First off, I should point out that I've borrowed this bad, bad pun from Robert Farley. But even if he hadn't come up with it, I probably would have. In Iron Man 2, Tony Stark declares to an incredulous senator that he has "privatized world peace." The movie as a whole, however fantastic in its nature, points out an basic truth that is often eluded in movies that stereotype military contractors and private security firms as either praetorian guards or trigger-happy guns for hire. When it comes to the spectrum of force, state power alone is not the only game in town and never has been.
Feral Jundi reinforces this point by linking to an article describing the calls by some groups to bring back the premodern concept of "letters of marque and reprisal" to enable private groups go after Somali pirates. Regardless of the fitness of the concept, it illustrates what kind of conditions produce a reliance on private force.

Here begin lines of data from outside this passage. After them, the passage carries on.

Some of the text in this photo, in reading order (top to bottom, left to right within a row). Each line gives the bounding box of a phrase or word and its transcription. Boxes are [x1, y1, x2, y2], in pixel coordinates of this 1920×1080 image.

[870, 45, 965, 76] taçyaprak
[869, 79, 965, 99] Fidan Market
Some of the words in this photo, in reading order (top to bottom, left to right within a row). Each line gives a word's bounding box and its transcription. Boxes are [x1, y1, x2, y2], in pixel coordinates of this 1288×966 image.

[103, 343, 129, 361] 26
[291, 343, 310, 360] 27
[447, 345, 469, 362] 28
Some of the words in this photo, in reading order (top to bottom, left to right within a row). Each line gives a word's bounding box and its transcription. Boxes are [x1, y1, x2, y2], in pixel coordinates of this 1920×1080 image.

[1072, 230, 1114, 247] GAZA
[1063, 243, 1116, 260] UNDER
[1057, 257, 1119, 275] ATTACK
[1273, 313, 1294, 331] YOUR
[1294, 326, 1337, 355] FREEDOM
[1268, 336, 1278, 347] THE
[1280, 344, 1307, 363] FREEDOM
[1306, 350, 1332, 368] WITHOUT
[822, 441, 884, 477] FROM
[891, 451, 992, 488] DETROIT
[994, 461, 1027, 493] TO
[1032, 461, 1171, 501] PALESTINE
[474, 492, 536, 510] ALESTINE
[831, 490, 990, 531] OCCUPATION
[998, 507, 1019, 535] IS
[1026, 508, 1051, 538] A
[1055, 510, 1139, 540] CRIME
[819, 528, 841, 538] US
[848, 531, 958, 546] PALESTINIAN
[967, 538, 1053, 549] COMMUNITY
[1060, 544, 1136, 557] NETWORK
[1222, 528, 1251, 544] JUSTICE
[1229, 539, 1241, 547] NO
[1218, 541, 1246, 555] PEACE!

Major states are often uneasy (or unable) to produce security in peripheral areas or advance their strategic objectives directly. This is especially true in areas that require international collective action - an area which is often more aspiration than reality. It is common sense that those who can pay for it will act on their own to deal with the problem. John Robb and others have also written persuasively about shifts in international trends that enable - for better or worse - an expansion of private entities acting in both domestic and international contexts to provide security and military advantage. Moreover, major powers wanting to act in an "indirect" sense often use private groups to act as their surrogates. In this mode, private groups are just one of several possible proxies that can be employed to do our bidding.
The point is that not that the use of privatized force is desirable. For a variety of reasons it is a drastically more limited tool than traditional state force. Anyone familiar with the 1960s and 1970s participation of mercenaries in African conflicts understands that in many cases these actors can also drastically worsen the problem as well. But privatized force can and will be employed by those with the ability to pay for it in the absence of credible alternatives. A variety of actors will operate on the lower rung of the spectrum of force. And in some cases they will be better placed to handle security problems than the United Nations.
We might as well come to terms with it, because it is most emphatically not new and will not be abolished by a supposedly more enlightened international order.